──────── EXTRACTED INFORMATION

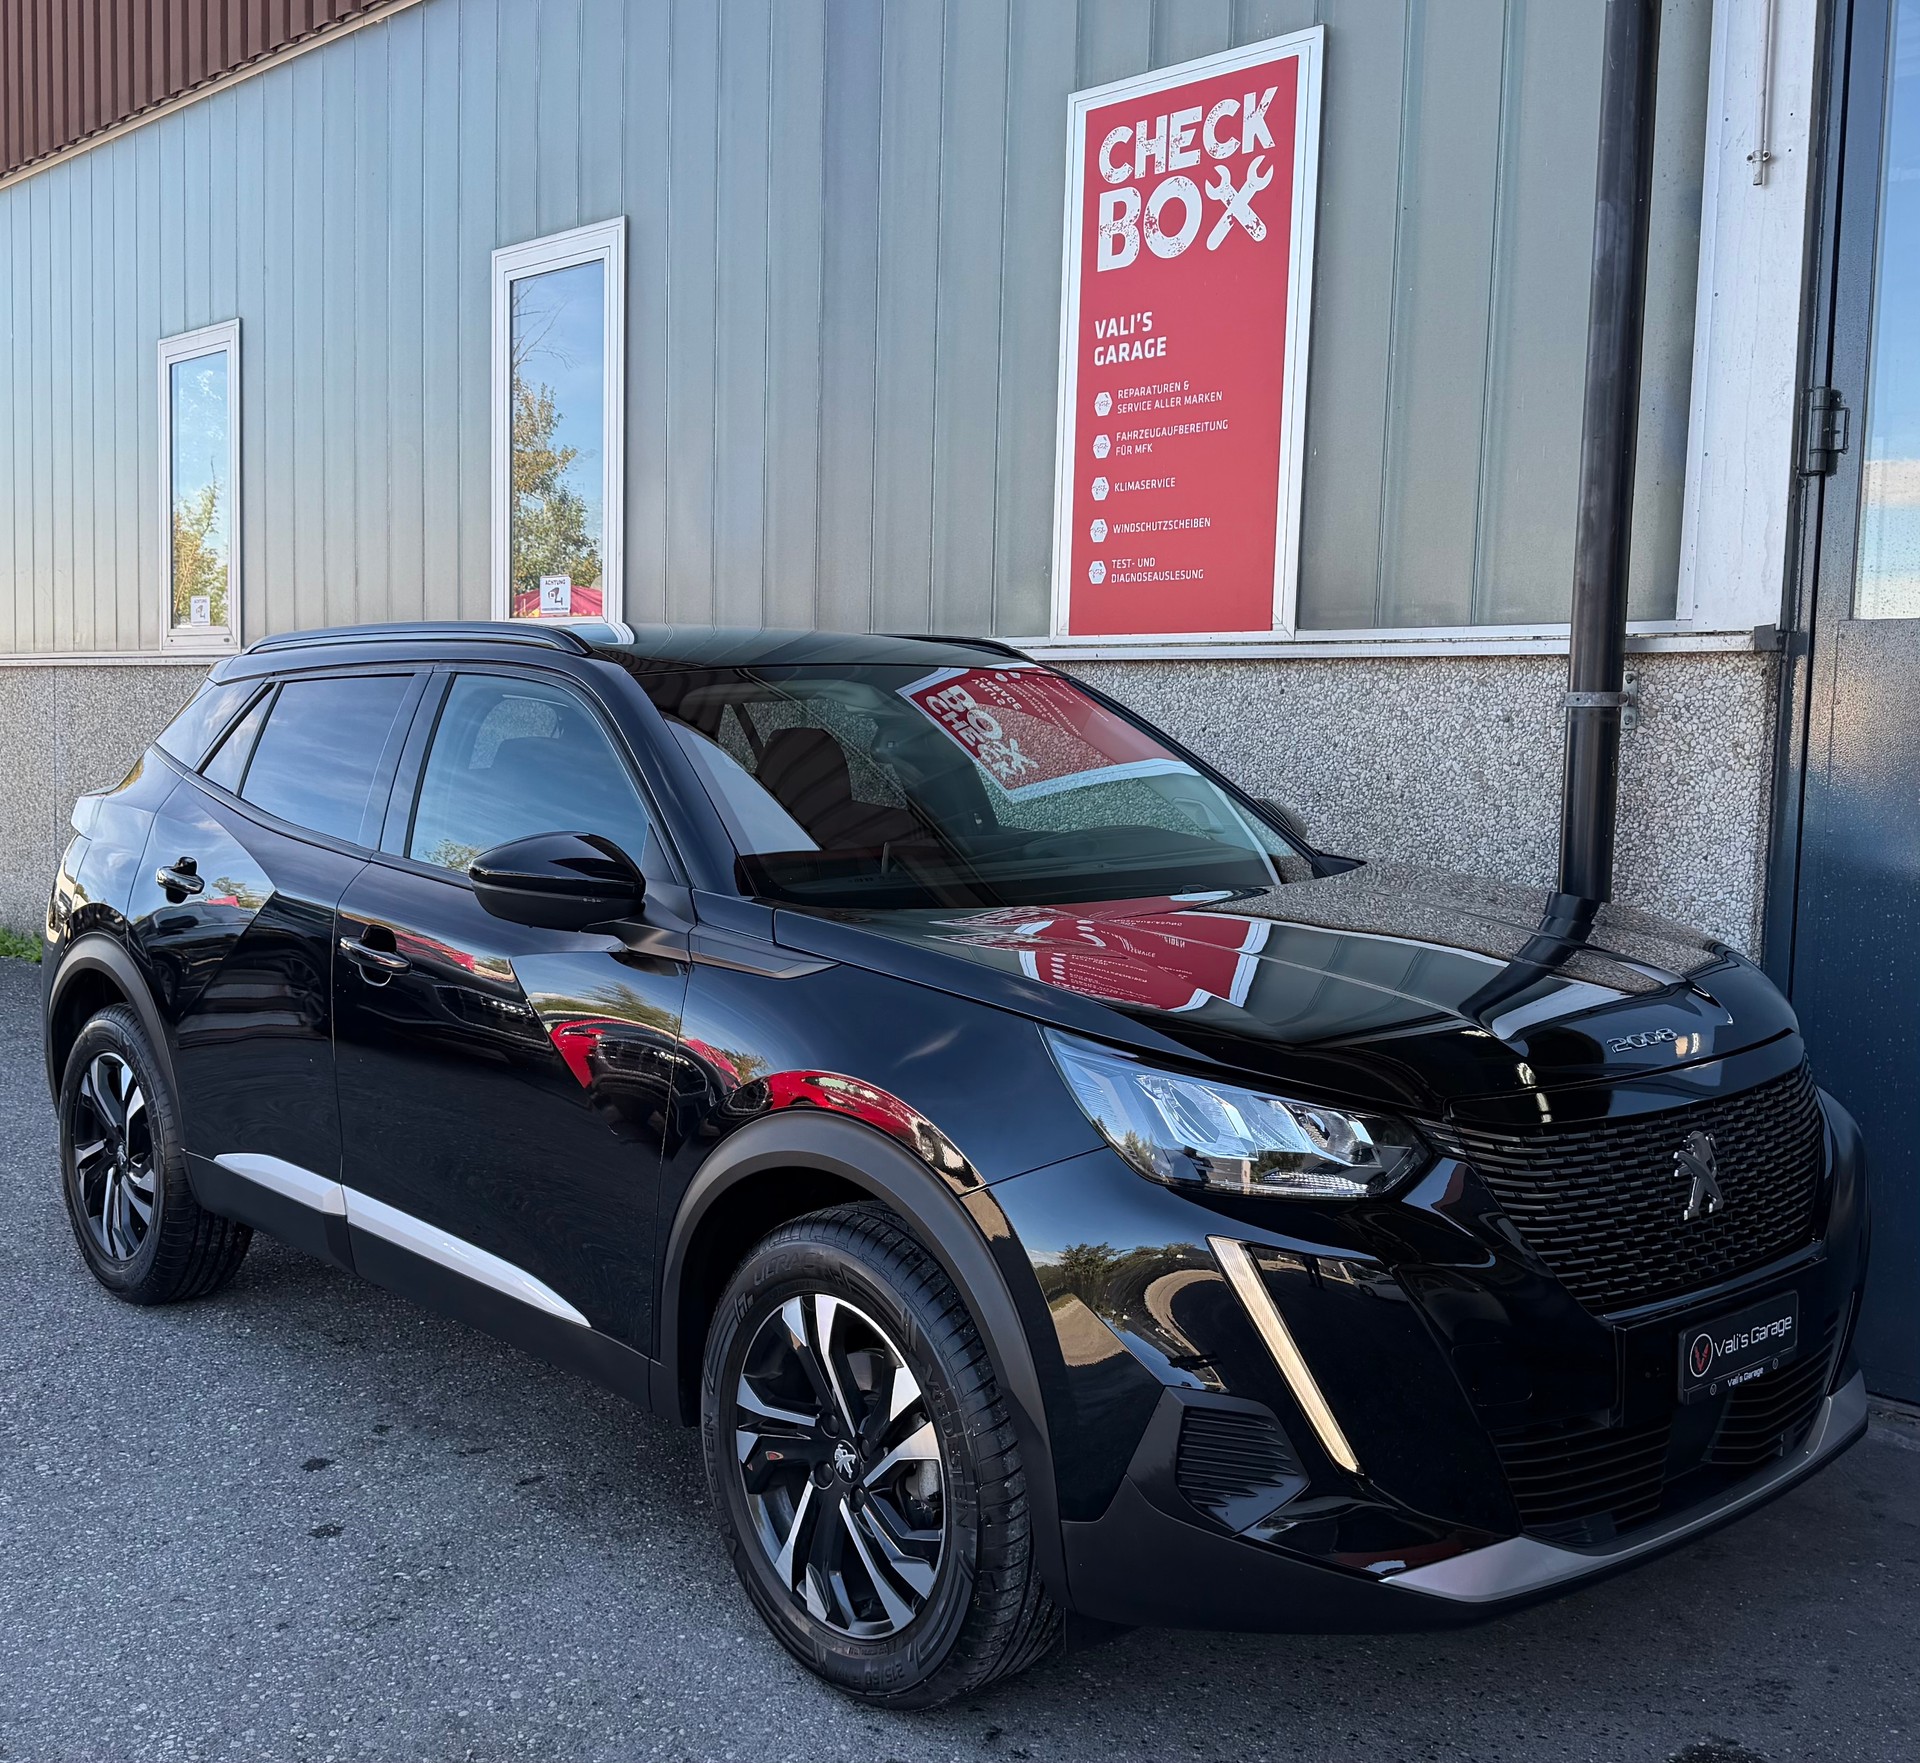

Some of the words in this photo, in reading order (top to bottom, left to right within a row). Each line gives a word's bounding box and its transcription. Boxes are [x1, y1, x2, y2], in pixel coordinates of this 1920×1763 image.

[1098, 85, 1279, 184] CHECK
[1094, 312, 1153, 340] VALI'S
[1093, 336, 1167, 367] GARAGE
[1117, 382, 1181, 400] REPARATUREN
[1117, 400, 1152, 414] SERVICE
[1154, 397, 1182, 410] ALLER
[1184, 391, 1223, 406] MARKEN
[1116, 419, 1229, 442] FAHRZEUGAUFBEREITUNG
[1134, 443, 1153, 454] MFK
[1114, 477, 1176, 492] KLIMASERVICE
[1112, 517, 1211, 534] WINDSCHUTZSCHEIBEN
[1111, 559, 1135, 569] TEST-
[1137, 557, 1156, 568] UND
[1111, 569, 1204, 584] DIAGNOSEAUSLESUNG
[1606, 1027, 1678, 1054] 2008
[1714, 1333, 1749, 1357] Vali's
[1750, 1316, 1793, 1344] Garage
[1727, 1373, 1744, 1387] Vali's
[1743, 1367, 1765, 1381] Garage

────────────────

YOUR ASSIGNMENT:
Your answer must be an exact repeat of all the records, minus the pictures.

EXERCISE OUTPUT:
Some of the words in this photo, in reading order (top to bottom, left to right within a row). Each line gives a word's bounding box and its transcription. Boxes are [x1, y1, x2, y2], in pixel coordinates of this 1920×1763 image.

[1098, 85, 1279, 184] CHECK
[1094, 312, 1153, 340] VALI'S
[1093, 336, 1167, 367] GARAGE
[1117, 382, 1181, 400] REPARATUREN
[1117, 400, 1152, 414] SERVICE
[1154, 397, 1182, 410] ALLER
[1184, 391, 1223, 406] MARKEN
[1116, 419, 1229, 442] FAHRZEUGAUFBEREITUNG
[1134, 443, 1153, 454] MFK
[1114, 477, 1176, 492] KLIMASERVICE
[1112, 517, 1211, 534] WINDSCHUTZSCHEIBEN
[1111, 559, 1135, 569] TEST-
[1137, 557, 1156, 568] UND
[1111, 569, 1204, 584] DIAGNOSEAUSLESUNG
[1606, 1027, 1678, 1054] 2008
[1714, 1333, 1749, 1357] Vali's
[1750, 1316, 1793, 1344] Garage
[1727, 1373, 1744, 1387] Vali's
[1743, 1367, 1765, 1381] Garage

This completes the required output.